He tells her how his sister used to boss him around, how she was always trying to help him even when he didn't need it. He tells her how he was an expert treeclimber as a boy. He tells her about winning his first fight at school and being thrashed for it by his father because it was a fight he started, and a Kvasnicka, descended from the ancient house of Zierotin, should have known better. He tells her about the posters he had on his wall in the first house they had, after they'd recovered, after his parents regained some of their liquid assets. He tells her about his first concert, two weeks before his First Change. He tells her about his mentor, who was a Philodox. He tells her about the books he read, the textbooks he checked out from the library and read, the books he borrowed from his father and read, the way he educated himself when school, when university, became an impossibility.

He tells her about the Bellamontes as they were: stiff-lipped Katherine, easy-smiling Edward. He tells her about the nights he and Ed caroused out on the town, the girls they would pick up, the way they would flock to Edward's charm and banter; the way they trembled when he touched them, because his rage was too much for them. He tells her about playing cards until dawn, losing sums of money he couldn't afford just to keep up with the Fang until he learned to win.

He tells her about what he saw in Edward. He tells her why he convinced Ed to come out to Chicago, where the pack would splinter like ice dashed upon rock; like birds scattered by a high wind. He tells her about his sister visiting him a few months ago, and his father's birthday.

He tells her why he spends nights alone at clubs, feeling the beat flow through him. He tells her about the women he finds there sometimes, and how they've made him cynical.

--

Hours slip by. The stars wheel. The moon skates across the sky.

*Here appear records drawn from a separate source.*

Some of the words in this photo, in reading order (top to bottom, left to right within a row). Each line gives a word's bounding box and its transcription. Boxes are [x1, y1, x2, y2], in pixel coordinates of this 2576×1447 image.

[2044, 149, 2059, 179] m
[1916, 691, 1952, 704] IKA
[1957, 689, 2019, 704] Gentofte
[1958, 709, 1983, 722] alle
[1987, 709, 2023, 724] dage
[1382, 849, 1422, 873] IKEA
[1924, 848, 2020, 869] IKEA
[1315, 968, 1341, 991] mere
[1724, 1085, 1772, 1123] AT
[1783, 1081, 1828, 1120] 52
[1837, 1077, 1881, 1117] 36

Their packmates mill in the distance; they look their way sometimes. They lie down in one form or another; they sleep, and in their sleep, they unconsciously ring Mrena's body: a guardian phalanx, an honor guard for the dead.

Lukas talks on, unhurriedly, uneditedly, stream of consciousness, memories offered up as they come to him.

--

He tells her what it's like to feel that first attraction, that true attraction, that will later become love. He tells her what it's like to feel jealousy, and rage, and uncertainty, and all the things that are unfamiliar even to him. He has trouble describing love, though he tries hard. But then, perhaps Mrena has some inkling of what that's like. He has no trouble describing heartbreak and loss, though he doesn't go into detail.

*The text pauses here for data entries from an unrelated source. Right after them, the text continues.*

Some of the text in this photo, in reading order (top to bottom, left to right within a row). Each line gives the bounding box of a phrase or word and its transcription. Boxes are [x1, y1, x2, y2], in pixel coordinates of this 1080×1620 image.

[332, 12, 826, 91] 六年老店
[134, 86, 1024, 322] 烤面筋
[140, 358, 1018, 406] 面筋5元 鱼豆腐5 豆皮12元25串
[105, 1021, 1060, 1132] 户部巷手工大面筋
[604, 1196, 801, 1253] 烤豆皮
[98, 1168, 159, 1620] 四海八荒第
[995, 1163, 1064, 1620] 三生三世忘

He does not tell her what it's like to make love to Danicka. That alone is too personal; he doesn't even approach it, and perhaps she knows better than to ask. He does tell her the one memory he has of Danicka, the woman he loves, before she was a woman and he was an Ahroun: he tells her about the oak tree in Danicka's backyard when they were children, and how Danicka followed the Kvasnicka children into its boughs and slipped and fell.

He tells her about watching the sunrise over the Atlantic in New York City. He tells her about the quality of the light in the room he lived in as a small child, the way it was only ever bright at daybreak, but how, at daybreak, the very air would turn golden.

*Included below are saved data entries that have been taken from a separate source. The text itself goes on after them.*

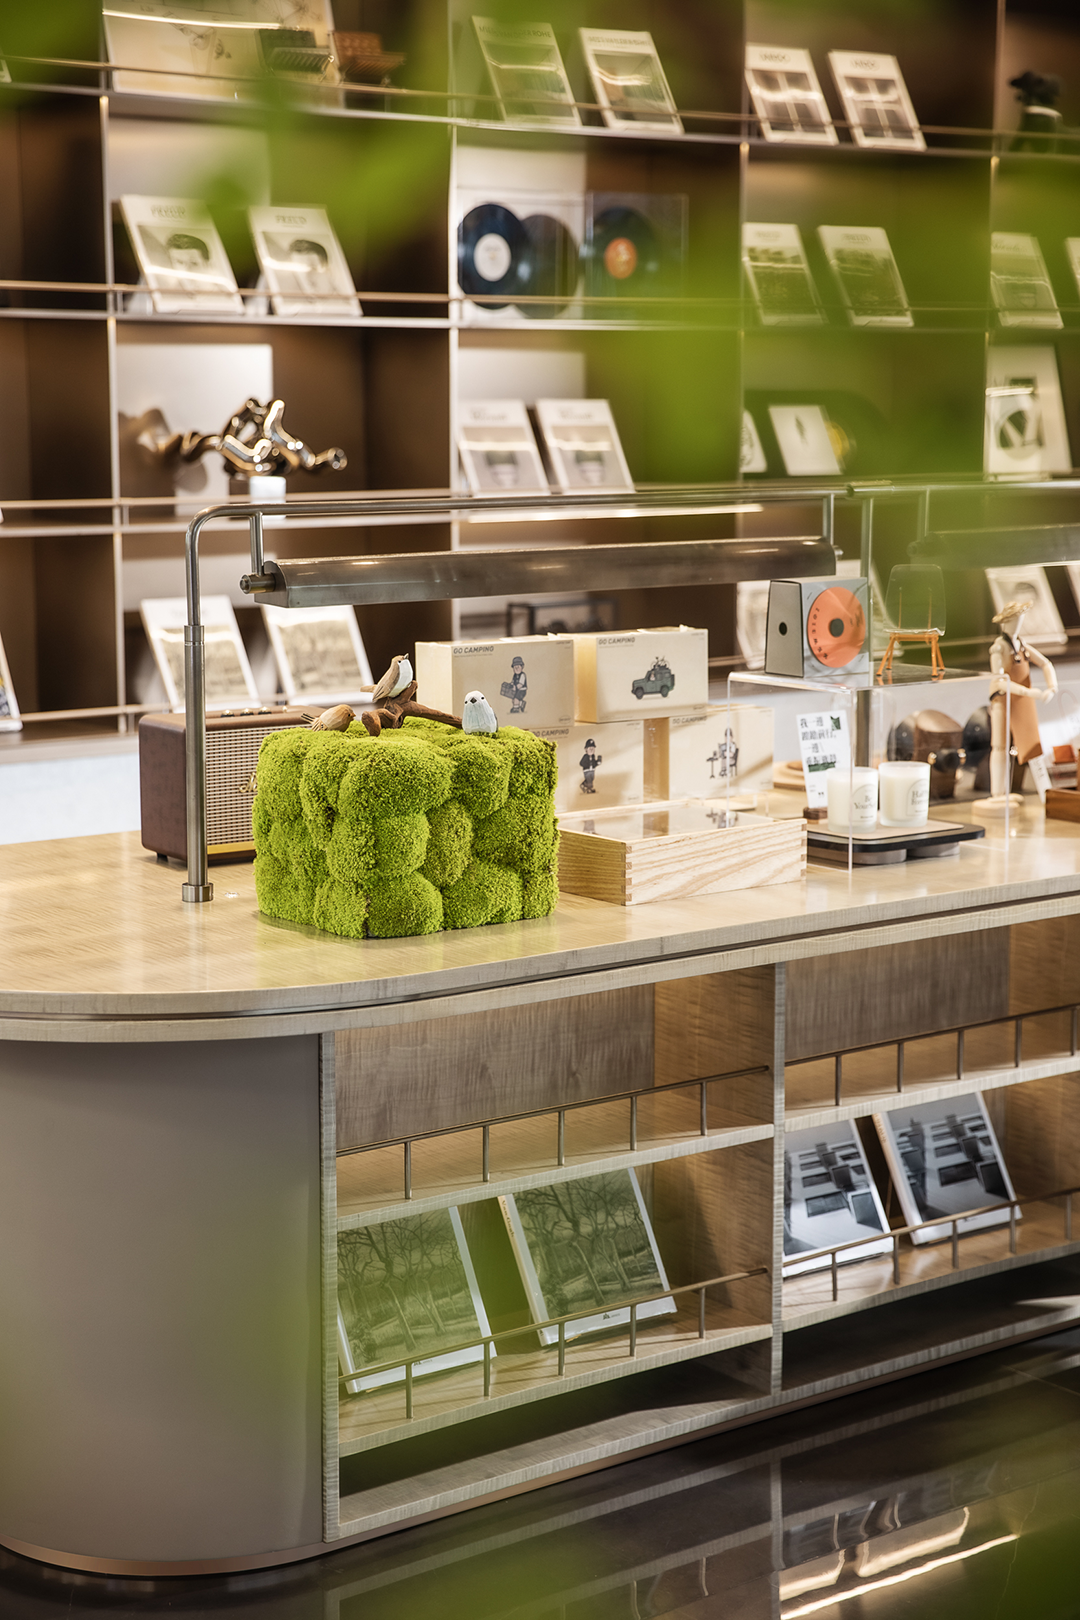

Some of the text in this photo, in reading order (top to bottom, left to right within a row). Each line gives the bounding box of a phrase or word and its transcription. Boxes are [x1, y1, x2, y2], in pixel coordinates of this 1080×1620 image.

[608, 637, 636, 645] CAMPING
[453, 645, 494, 655] GO CAMPING
[681, 715, 707, 724] CAMPING
[541, 728, 569, 737] CAMPING
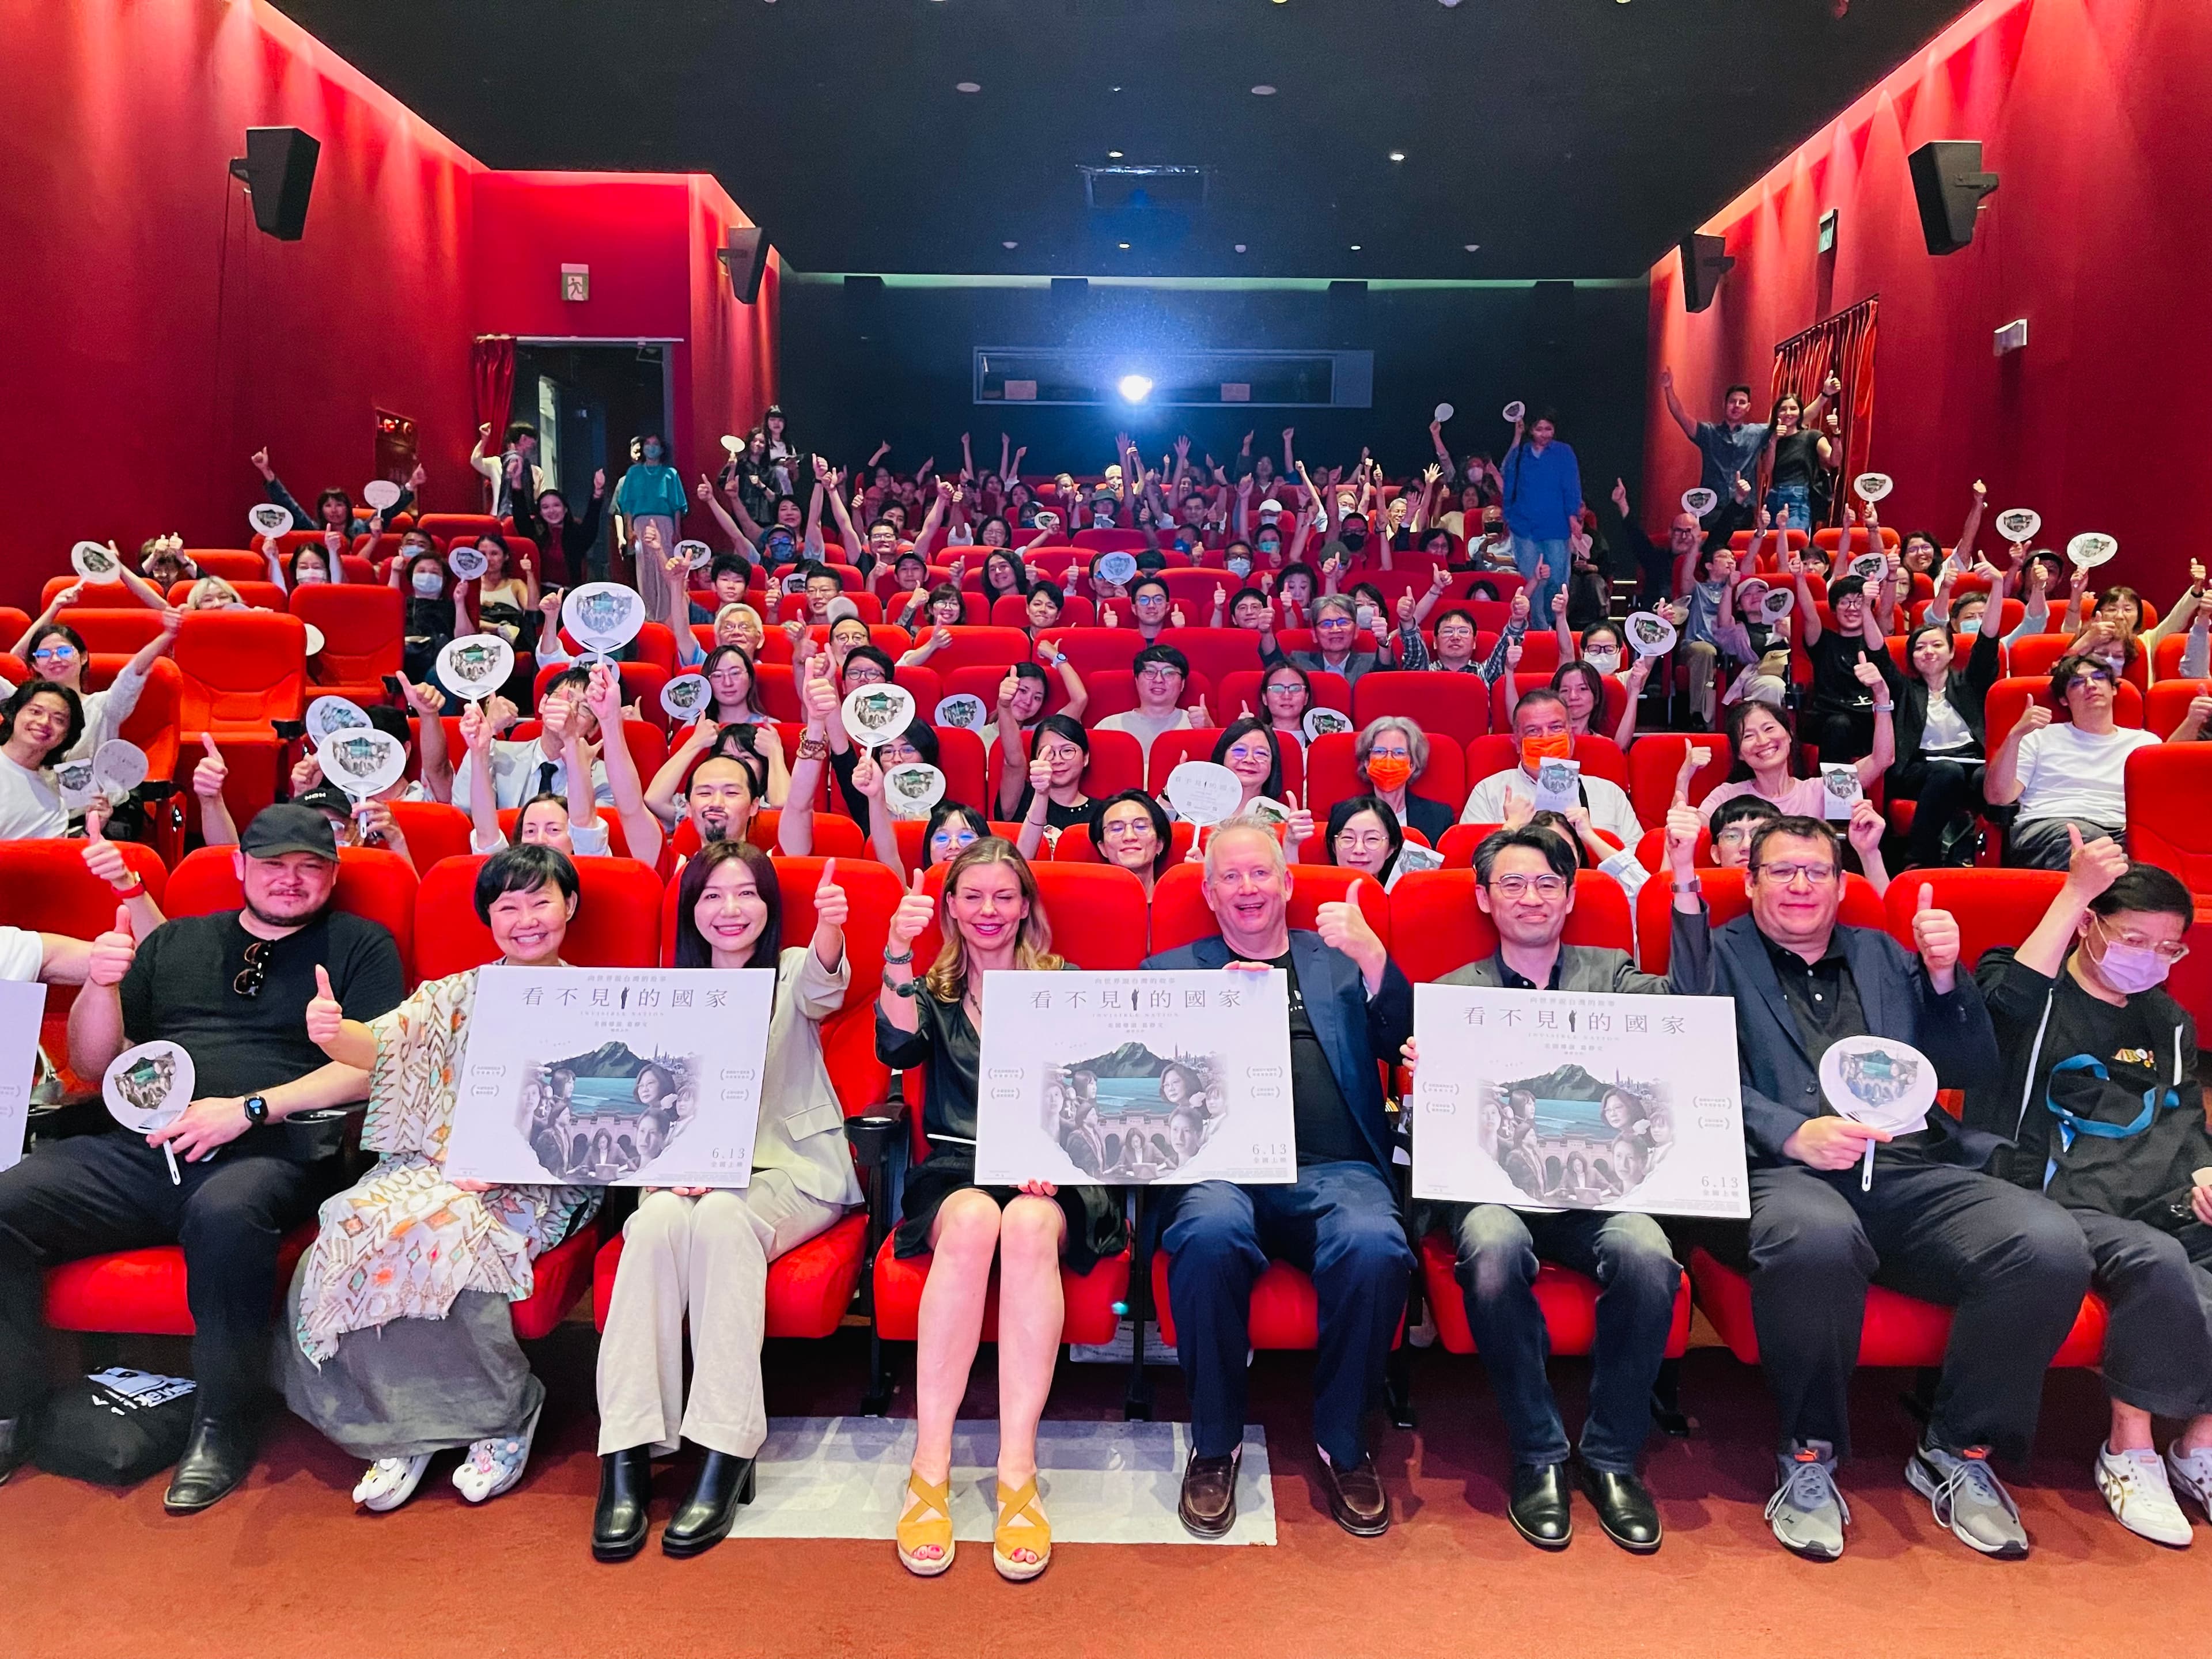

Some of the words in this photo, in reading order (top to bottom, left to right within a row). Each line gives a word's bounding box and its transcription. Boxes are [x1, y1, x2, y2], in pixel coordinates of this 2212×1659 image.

[522, 986, 728, 1009] 看不見的國家
[1030, 990, 1241, 1010] 看不見的國家
[1464, 1006, 1685, 1035] 看不見的國家
[712, 1147, 745, 1160] 6.13
[1252, 1143, 1287, 1156] 6.13
[1701, 1176, 1739, 1189] 6.13

He tells her how he never as a child expected to be a Garou. He tells her how that was a surprise to all of them. He tells her how sometimes he wonders what his life would have been like as a kinsman.

He tells her of his impressions of her, the first time he saw her: a child, a girl, a little sister.

He tells her of his impressions of her tonight, the last time he will ever see her: a theurge, a woman, an alpha.

--

It's morning.

The penumbral sunlight is weak, and the moon still dominant. Lukas's voice has long since worn down to a husking rasp. He's lying on the ground now, stretched full-length like a boy, a college kid in the room of his old friend, talking til dawn. As the hours rolled one into the next his sentences became sparser, his memories fewer, more tattered, older, faded. At last, he has nothing else to offer her.

He lies in silence then. Perhaps he dozes a while. When he opens his eyes again, the sky is a deep, deep blue, far darker and richer than any daylight sky found on earth.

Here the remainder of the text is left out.